Trabalho impecável e predestinado a regenerar aquele setor, não fosse a tragédia atual que transformou uma das melhores capitais brasileiras num território arrasado, cujo desfecho é, até este momento, imprevisível e inimaginável.
Uma tristeza ainda maior ao lembrar das imagens de sua apresentação onde, à despeito do abandono e do desinteresse geral pela área, mesmo com enorme vacância, o que se via eram quarteirões praticamente abandonados e… ruas limpas, passeios mais ou menos inteiros, meios-fios, e limpeza, sem lixo acumulado, quase sem a presença de mato na área pública.

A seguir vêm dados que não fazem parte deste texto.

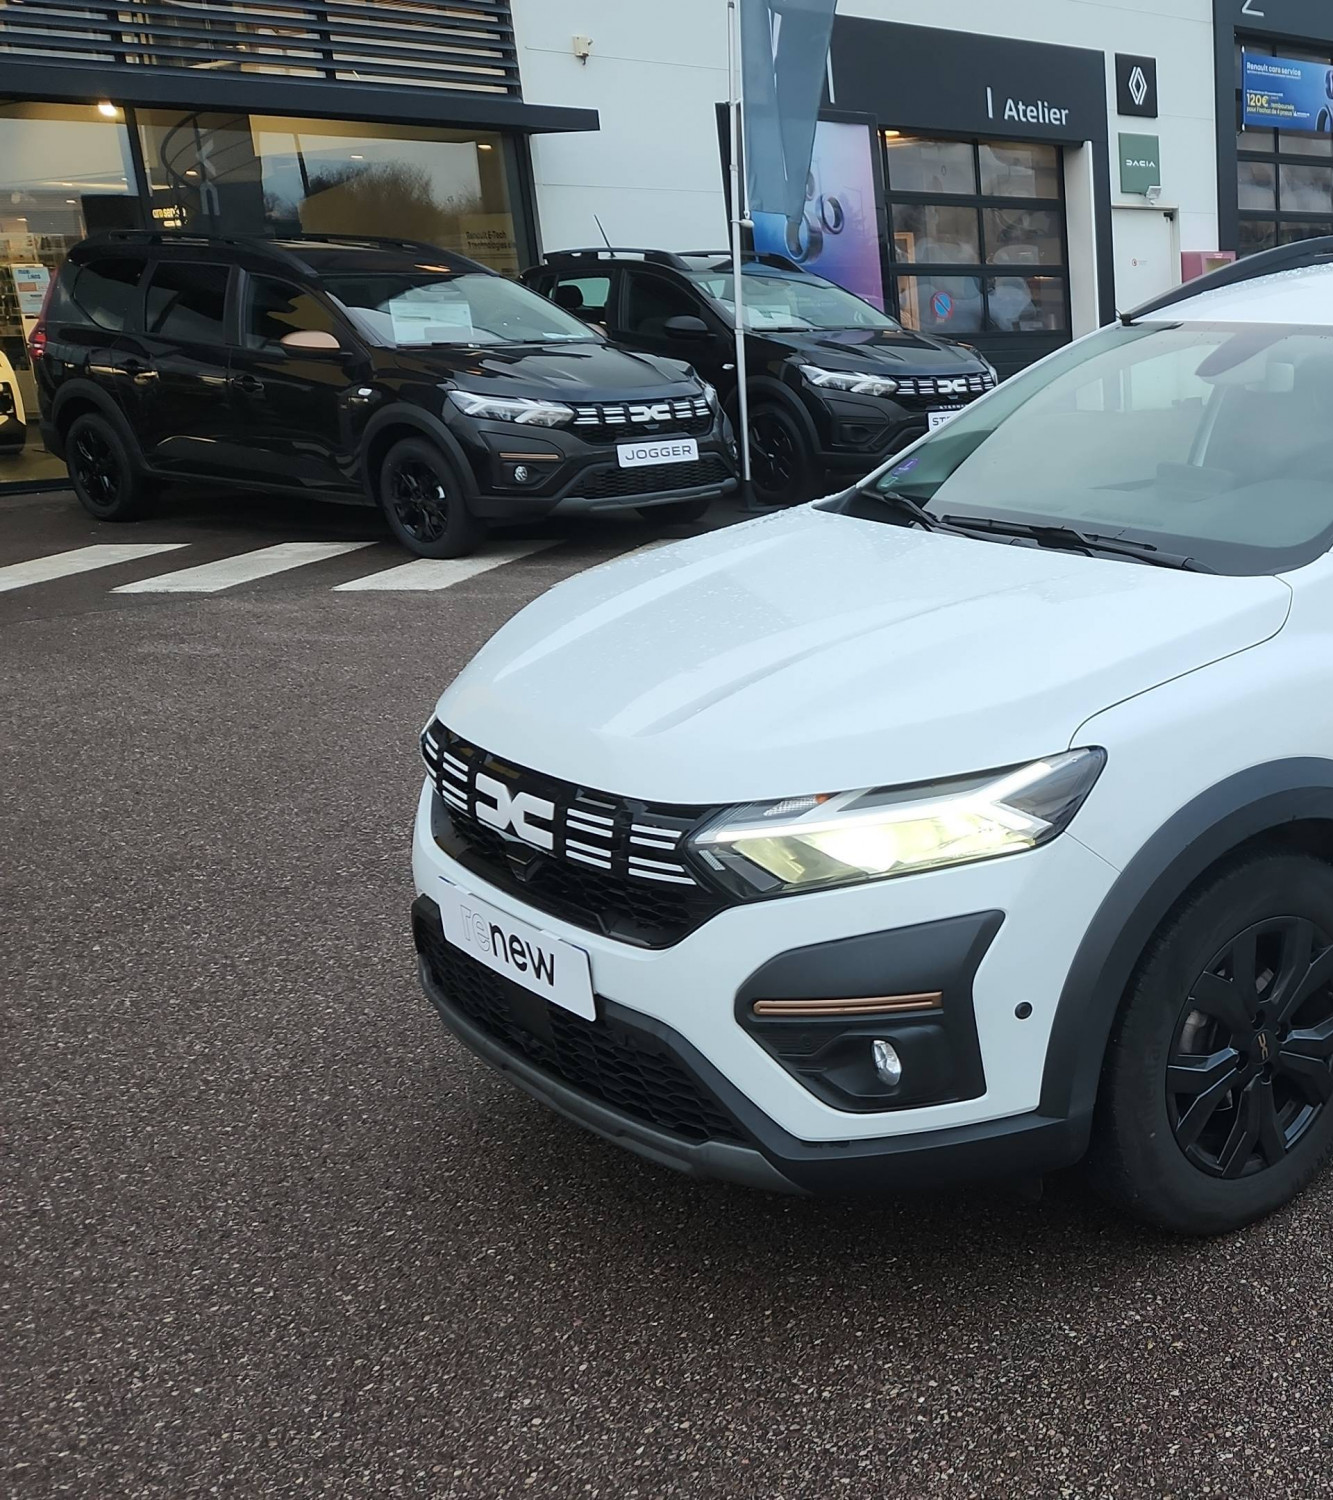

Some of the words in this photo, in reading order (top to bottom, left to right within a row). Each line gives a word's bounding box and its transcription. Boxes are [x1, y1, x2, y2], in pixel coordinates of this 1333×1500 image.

Todo mundo reparou, claro. Um setor abandonado, vazio, com pouquíssimo uso, e ainda assim limpo, transitável.
E, como se a atual tragédia não pudesse ter ainda mais impacto, me vejo pensando que um dos melhores exemplos em terras tupiniquins, a cidade que poderia nos servir de inspiração, vive um momento de agonia.
Pior, Porto Alegre estava em meio a um intenso debate para revisão de seu Plano Diretor, num caminho incrível, olhando para adensamento, transporte urbano, áreas de lazer, infraestrutura e muita regeneração de setores degradados ou subutilizados, enfim, todos aqueles aspectos que já me fizeram escrever 36 textos aqui, e outros 30 para o Caos Planejado .
O sentimento é de um escultor que perdeu sua musa, sequestrada por invasores bárbaros, que cruzaram uma fronteira num evidente ato de agressão e se recusam a devolvê-la, alheios à qualquer súplica do artista e da comunidade. Devolver a musa, dizem, somente após 7 ou 8 meses, e a um preço altíssimo, como se a população já não sofresse o suficiente e não pagasse um preço já exorbitante.
Difícil saber se a musa poderá ser novamente uma inspiração para o artista e a população, mas uma coisa é certa: independentemente das condições em que seja devolvida do cárcere, a sua história há de inspirar gerações.
Afinal, não é a cidade que faz as pessoas, mas as pessoas que fazem a cidade.
Trocando em miúdos, as pessoas que já criaram uma bela cidade serão capazes de regenerar a musa sequestrada, e tornar a sua musa uma fonte de inspiração ainda maior.